[Development] Using semicolons in JS (QML)

André Pönitz apoenitz at t-online.de
Fri Sep 30 23:20:06 CEST 2016


On Fri, Sep 30, 2016 at 03:43:57PM +0000, Shawn Rutledge wrote:
> On 30 Sep 2016, at 14:19, Kai Koehne <Kai.Koehne at qt.io> wrote:
> > To make a proposal: Let’s use semicolons in imperative JS parts of QML in
> > our examples and documentation
> 
> Back in Nokia times it was said that we shouldn't use semicolons, because it
> would speed up the parsing and reduce the size of resources slightly.

Hear, hear! The world of JavaScript *IS* full of miracles!

It is FANTASTIC to know that letting the parser run into an error situation,
to back up, to insert an artificial semicolon, and to retry to parse would
be SO much faster than reading and interpreting a semicolon directly.

You know -- ok, sorry, I have to admit it, I was almost thinking that one could -
erm, do -- kind of silly things like create a benchmark, and perhaps even --
*SHUDDER* -- just a little? -- *run* it?

But now, of course, I see, this would be really ridiculous. Silly me.

And this resource reduction! I mean, we are not talking peanuts here, like
World Peace or such, right - but bits, *REAL* bits, and not -- really! -- not
just ONE, not TWO, but SEVERAL of them, in a row! This is so incredible!

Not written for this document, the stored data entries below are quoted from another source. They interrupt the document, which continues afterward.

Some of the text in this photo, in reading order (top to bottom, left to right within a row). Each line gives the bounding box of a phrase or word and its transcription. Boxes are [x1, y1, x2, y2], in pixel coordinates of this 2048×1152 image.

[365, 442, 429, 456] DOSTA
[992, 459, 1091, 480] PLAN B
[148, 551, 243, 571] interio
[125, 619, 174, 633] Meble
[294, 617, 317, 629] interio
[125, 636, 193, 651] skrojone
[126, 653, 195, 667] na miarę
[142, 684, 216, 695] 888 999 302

I really, really cannot imagine how dull the world must have been before the
magic Ten Days.

Oh man. I just notice I am talking crap. It's of course not *REAL* for bits in
JavaScript, but *DOUBLES*! Stupid C++ would have used integers for such
important things. I mean, that's not paying the right amount of deference, ok?
Why should one let an integer operation pass a CPU in, like, one or two cycles,
or possibly even less than one, if one really could spend a multiple of that on
floating points? Or even require extra hardware? That's not taking machines
seriously, is it?

> (Maybe you think performance isn’t impacted by small things like that, but we
> are at the same time investing effort into other “optimizations” for which I
> suspect the runtime performance impact may end up being similarly small.)

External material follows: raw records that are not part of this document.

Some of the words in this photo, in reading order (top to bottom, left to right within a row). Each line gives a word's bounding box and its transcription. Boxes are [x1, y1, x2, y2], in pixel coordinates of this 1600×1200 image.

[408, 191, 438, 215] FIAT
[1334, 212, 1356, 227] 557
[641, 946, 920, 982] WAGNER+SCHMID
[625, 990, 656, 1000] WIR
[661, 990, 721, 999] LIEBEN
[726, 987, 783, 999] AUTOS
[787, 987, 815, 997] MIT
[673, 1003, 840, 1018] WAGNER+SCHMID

Even more miracles! What a wonderful world!

Ahead-of time compiled C++ code can not only be vastly improved by replacing it
with run-time interpreted code - note the word "RUN!" -- that's already making
very clear that this *must* be fast, doesn't it! -- people in the know may even
take that further and strip away those pesky semicolons from the sources to
gain even more performance!

That's absolutely great -  or, dare I say? --  AWESOME!

Andre'



PS: On the less serious side:

> If you think it’s important, then write a reformatter tool and figure out how
> to use it as a git hook.  We are wasting time bikeshedding about coding style
> (do you really have nothing better to do? 

There would be that 'consistent documentation' thing that was mentioned
in the initial mail. I think this is a valid reason.